Share This:

Abstract for TR-387 - dl-Amphetamine Sulfate (CASRN 60-13-9)


Toxicology and Carcinogenesis Studies of dl-Amphetamine Sulfate (CAS No. 60-13-9) in F344/N Rats and B6C3F1 Mice (Feed Studies)

Link to the full study report in PDF. If you have difficulty accessing the document, please send email to the NTP Webmaster [ Send Email ] and identify documents/pages for which access is required.  



Chemical Formula: C18H28N2 O4S

dl-Amphetamine sulfate is used for the treatment of narcolepsy in adults and behavioral syndromes in children. Toxicology and carcinogenesis studies were conducted by administering dl-amphetamine sulfate (USP grade) in feed to groups of F344/N rats and B6C3F1 mice of each sex for 14 days, 13 weeks, or 2 years. Genetic toxicology studies were conducted in Salmonella typhimurium and Chinese hamster ovary (CHO) cells.

14-Day Studies:

The chemical was administered at dietary concentrations of 0, 47, 94, 188, 375, or 750 ppm for rats and 0, 125, 250, 500, 1,000, or 2,000 ppm for mice. Decreased body weight gain was seen at the higher concentrations, but no chemical-related deaths or toxic lesions were observed.

13-Week Studies:

The chemical was administered at dietary concentrations of 0, 47, 94, 188, 375, or 750 ppm for rats and 0, 125, 250, 500, 1,000, or 2,000 ppm for mice. None of the rats died, but 6/10 male mice and 7/10 female mice that received 2,000 ppm, 3/10 male mice that received 1,000 ppm, and 8/10 male mice that received 500 ppm died before the end of the studies. Decreased body weight gain and hyperactivity were seen in dosed rats and mice. Final body weights of rats receiving 188 ppm or more were 62% to 89% those of controls, and final body weights of mice receiving 250 ppm or more were 70% to 86% those of controls.
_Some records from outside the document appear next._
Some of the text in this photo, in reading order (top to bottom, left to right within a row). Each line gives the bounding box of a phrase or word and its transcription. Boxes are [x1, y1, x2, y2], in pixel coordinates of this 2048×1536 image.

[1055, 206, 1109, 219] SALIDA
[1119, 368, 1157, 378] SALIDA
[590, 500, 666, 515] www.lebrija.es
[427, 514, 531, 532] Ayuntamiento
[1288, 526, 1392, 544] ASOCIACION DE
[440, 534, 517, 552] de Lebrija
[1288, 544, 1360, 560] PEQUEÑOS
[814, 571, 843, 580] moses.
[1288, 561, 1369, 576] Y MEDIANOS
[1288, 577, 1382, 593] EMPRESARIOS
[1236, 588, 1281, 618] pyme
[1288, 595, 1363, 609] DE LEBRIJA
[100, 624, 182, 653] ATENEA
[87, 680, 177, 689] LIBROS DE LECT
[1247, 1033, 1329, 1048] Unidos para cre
There were no lesions that were considered to be a primary effect of the chemical.

Based on decreased body weight gain and hyperactivity in the 13-week studies, 2-year studies were conducted by feeding diets containing 0, 20 or 100 ppm dl-amphetamine sulfate to groups of 50 rats or 50 mice of each sex.
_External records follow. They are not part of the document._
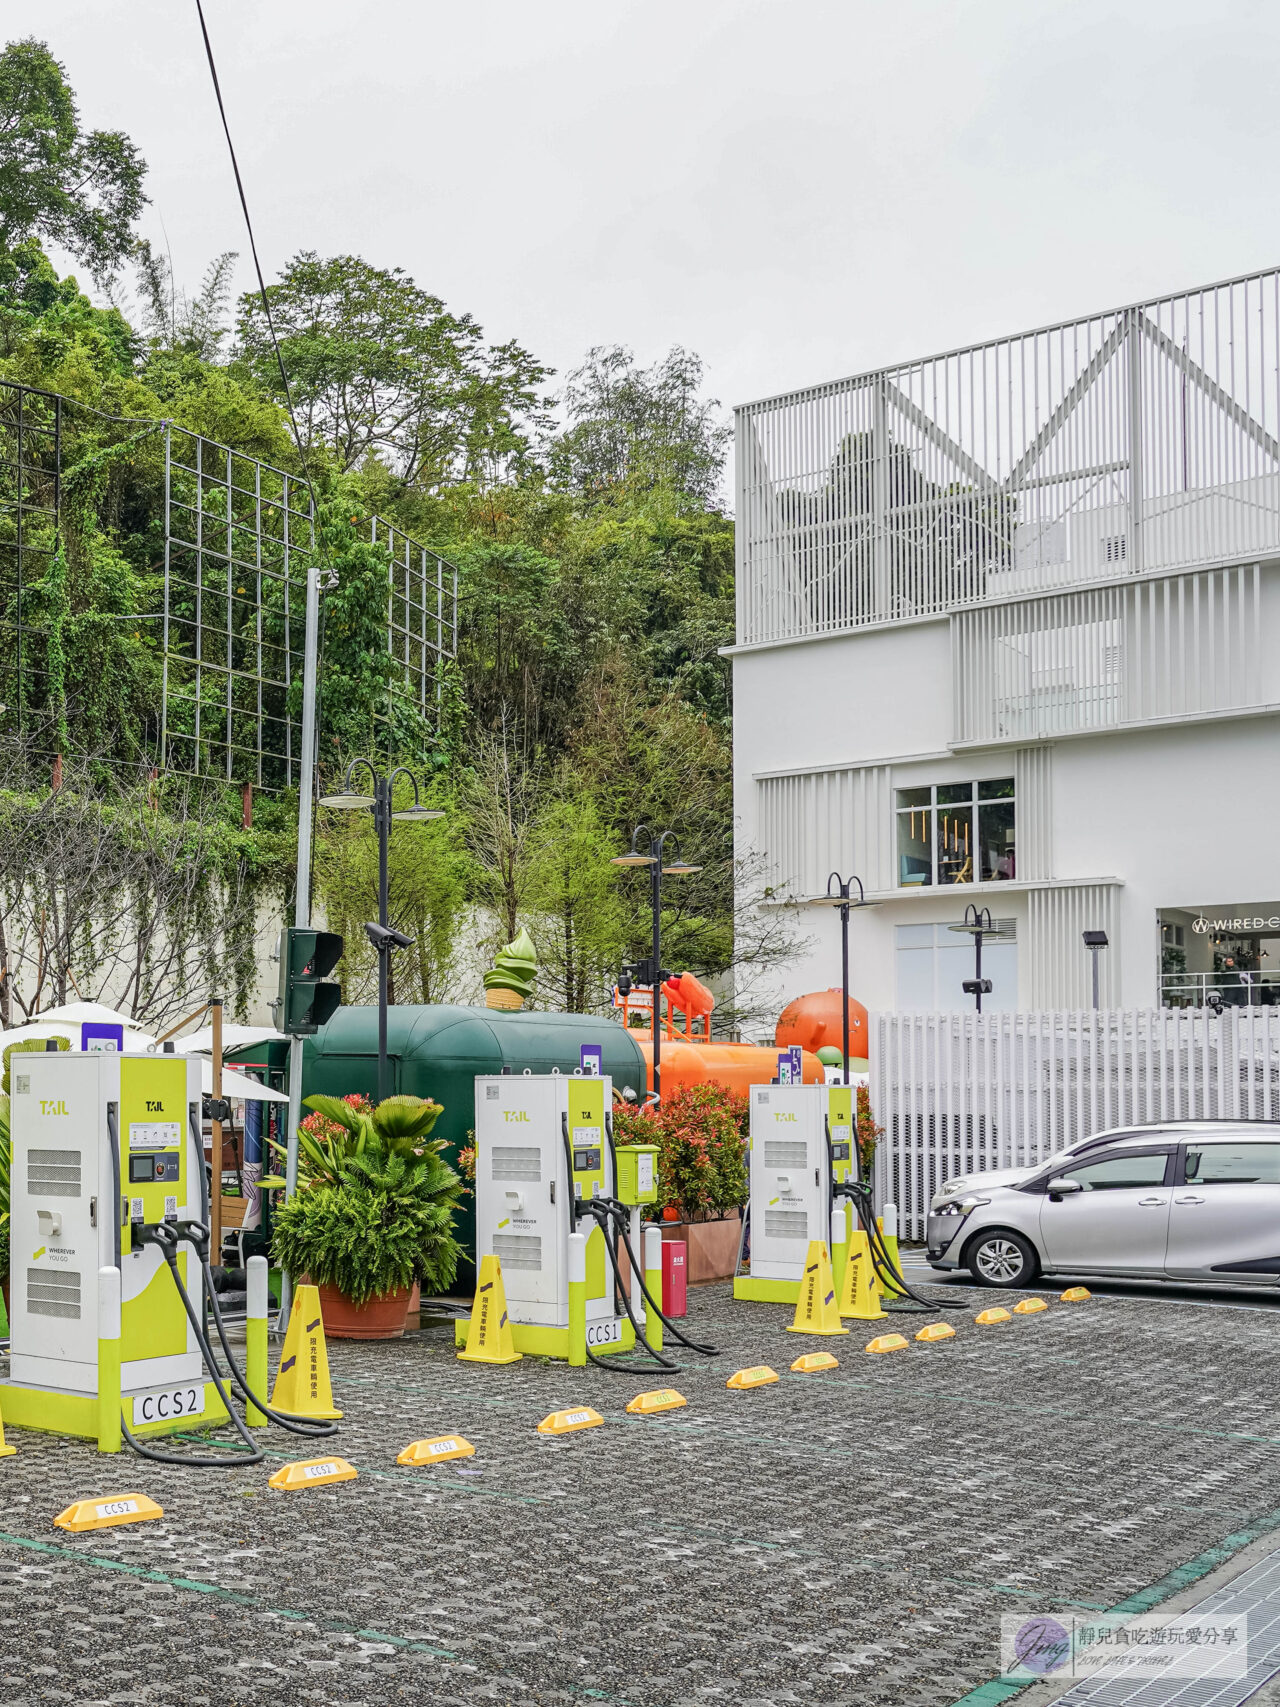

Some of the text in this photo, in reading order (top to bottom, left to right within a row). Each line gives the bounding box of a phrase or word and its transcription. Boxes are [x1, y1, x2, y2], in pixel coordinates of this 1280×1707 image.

[39, 1100, 70, 1116] TAIL
[503, 1111, 531, 1122] TAIL
[49, 1247, 76, 1255] WHEREVER
[587, 1323, 618, 1344] CCS1
[142, 1389, 197, 1420] CCS2
[434, 1441, 453, 1453] CCS2
[310, 1464, 332, 1476] CCS2
[104, 1502, 131, 1515] CCS2
Body Weights and Survival in the 2-Year Studies:

No significant differences in survival were observed between any groups of rats or mice (male rats: control, 30/50; low dose, 31/50; high dose, 33/50; female rats: 33/50; 42/50; 37/50; male mice: 48/50; 48/50; 49/50; female mice: 35/50; 36/50; 44/50).

Final body weights of dosed rats and mice were decreased relative to those of controls. Final body weights were 92% and 86% those of controls for low- and high-dose male rats, 89% and 70% those of controls for low- and high-dose female rats, 85% and 72% those of controls for low- and high-dose male mice, and 81% and 66% those of controls for low- and high-dose female mice. Hyperactivity was observed in all dosed groups.

Feed consumption was similar among control and exposed groups with the exception of high-dose female rats (84% of controls) and high-dose male mice, for which hyperactivity resulted in scattering of feed and overestimation of feed consumption. The average amount of dl-amphetamine sulfate consumed per day was estimated to be 1 or 5 mg/kg for low- and high-dose rats, 4 or 30 mg/kg for low- or high-dose male mice, and 3 or 19 mg/kg for low- or high-dose female mice.

Nonneoplastic and Neoplastic Effects in the 2-Year Studies:

Myelofibrosis, cataracts, and retinal atrophy in female rats, and ovarian atrophy in female mice occurred in a larger proportion of high-dose animals than in controls.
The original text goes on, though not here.